1990'lı yılları gençlik dönemine denk gelmiş biri olarak 2000'li yıllardan herkes gibi bende çok umutluydum. Ne de olsa milenyum, uzay çağı ve teknolojinin yükselişiyle bambaşka bir yüzyıla giriş yapacaktık, en azından öyle olacağını zannediyorduk değil mi?
Peki şu anki duygularınız ne durumda? Sizlerde benim gibi tam bir hayal kırıklığı olduğunu düşünüyor musunuz?
Teknolojide çağ atlayacağımızı zannederken; bütün dünya bir virüse teslim olmuş ve aciz bir şekilde aşının bulunmasını bekliyor. Uçan arabalara bineceğimizi, uzay seyahatleri yapacağımızı hayal ederken; karşı komşunun kapısını çalmaktan bile korkar olduk.
Geçmiş yıllara baktığımızda, teknolojik olarak iyi seviyelere geldiğimizi de söylememiz lazım tabi.. Örneğin, kim derdi gün gelecek telefon görüşmelerimizi saatimizden yapabileceğimiz ya da görüntülü telefon görüşmeleri ile karşılıklı çay sohbetleri gerçekleştirebileceğimiz.. Peki, bunların özellikle bu dönemde avantajlarını yaşarken; gerçekten teknoloji çağındayız diyebiliyor muyuz? Gerçekten teknolojinin avantajlarını doğru şekilde kullanabiliyor muyuz? Yoksa günden güne büyük çoğunluğumuz bu teknolojilerin (TELEFON) kölesi mi olduk?

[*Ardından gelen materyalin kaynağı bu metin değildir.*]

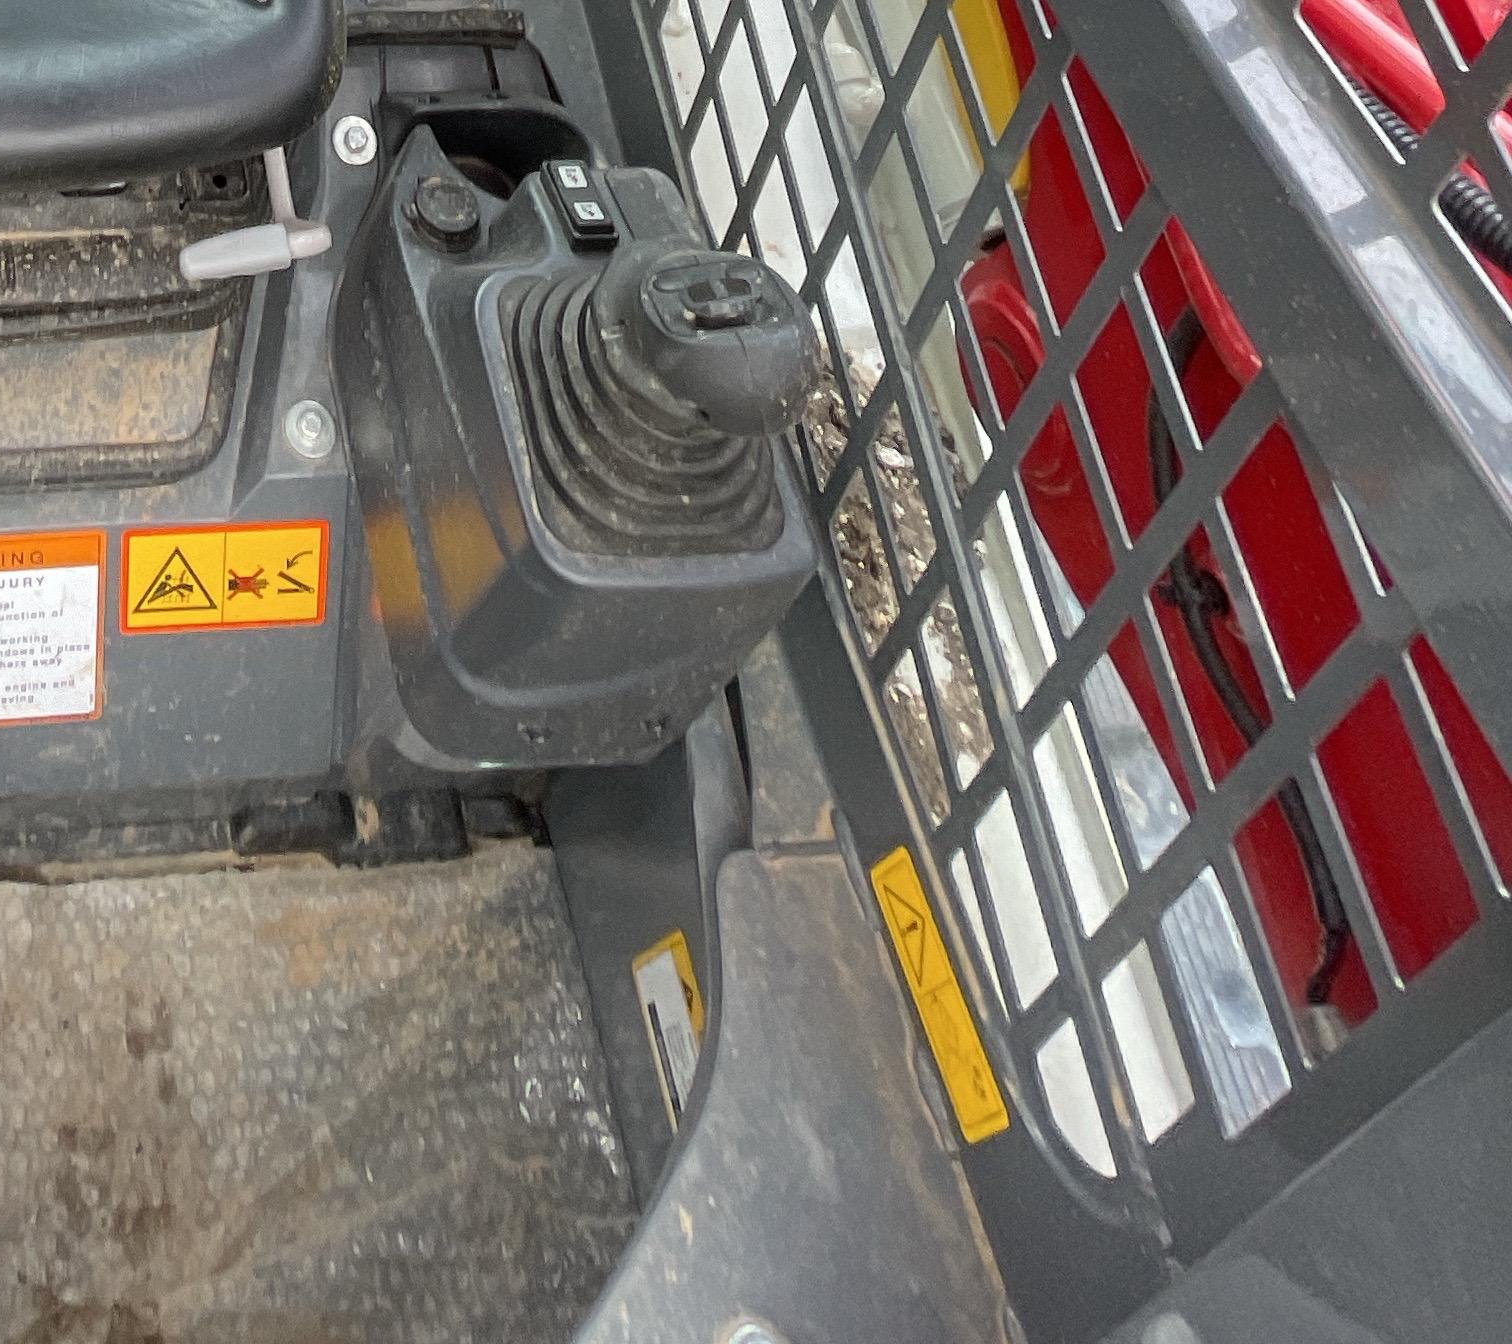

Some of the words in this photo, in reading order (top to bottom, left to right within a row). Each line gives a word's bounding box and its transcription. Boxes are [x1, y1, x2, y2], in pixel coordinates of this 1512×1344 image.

2000'li yılların 5'te 1'lik bölümünü bitirmemize artık son 1 ay ve 2020 yılının da sonuna geldik. Gerçi böyle yazmamak lazım, 1 ayda neler olabileceğini, yaşayabileceğimizi tahmin etmek gerçekten çok zor..
2020 yılında neler yaşadığımızı hatırlamaya ne dersiniz? Muhtemelen yaşanılanlardan sonra boş versene, bitse de gitse artık 2020 dediğinizi duyar gibiyim.. Ama gelin biz yine de bir göz atalım ki günümüzün balık hafızalılık probleminden 5-10 dk. da olsa uzaklaşıp neler yaşamışız hep beraber hatırlayalım..
OCAK 2020: Muhtemelen yaşayacaklarımızdan habersiz, günlük koşturmacalar içinde kaybolduğumuz son günlerin habercisi oldu bu ay..
2019 Eylül ayında başlayıp, yaklaşık 6 ay süren, 28 insan ve 1 milyar 250 bin hayvanın öldüğü Avustralya yangını uzun yıllar akıldan çıkmayacak felaketlerin başında geliyor. Ayrıca bu yangında 10.3 milyon hektar orman kül oldu. O görüntüler sanırım sizin de gözünüzün önüne gelmiştir.
Ay daha yeni başlamasına rağmen, yılın ilk felaket haberi Endonezya'dan geldi. Son 13 yılın en büyük sel felaketi olarak kayıtlara geçen bu felakette 54 kişi hayatını kaybetmiş olsa da yaklaşık 30 milyon insanın sel felaketinden etkilendiği kayıtlara geçti...
Ocak ayı başları Koronavirüs adına, birçok insanın duyduğu ama ne olduğunu bilmediği için ciddiye almadığı, birçoğunun ise ne olduğundan haberdar dahi olmadığı zamanlardı. Ama ciddiyetin ilk habercisi 10 Ocak 2020 tarihinde Sağlık Bakanlığı bünyesinde kurulan Korona Virüs Bilim Kurulu oldu. Daha dün kurulmuş gibi ama neredeyse 1 yıl oldu...
Ocak ayının son günü ise bu hastalıktan, virüsten dolayı "ne oluyor kardeşim" dememize sebep olan ve Dünya Sağlık Örgütü tarafından "Uluslararası Öneme Sahip Halk Sağlığı Acil Durumu İlan" edildi...
Bu ayın sonlarına doğru ülkemizde de karşılaşacağımız birçok felaketin ilkini; 24 Ocak tarihinde Elazığ Depremi ile yaşadık. Malatya'yı da etkileyen bu depremde 41 vatandaşımız hayatını kaybetti. Ancak deprem öldürmez, binalar öldürür gerçeğini milenyumda olmamıza rağmen anlaşılmadığını bir kez daha görmüş olduk...
Yine dünyadan bir haber, İran'dan havalanan ve kalkıştan kısa süre sonra düşen Ukrayna Havayollarına ait yolcu uçağında tam 176 insan hayatını kaybetti...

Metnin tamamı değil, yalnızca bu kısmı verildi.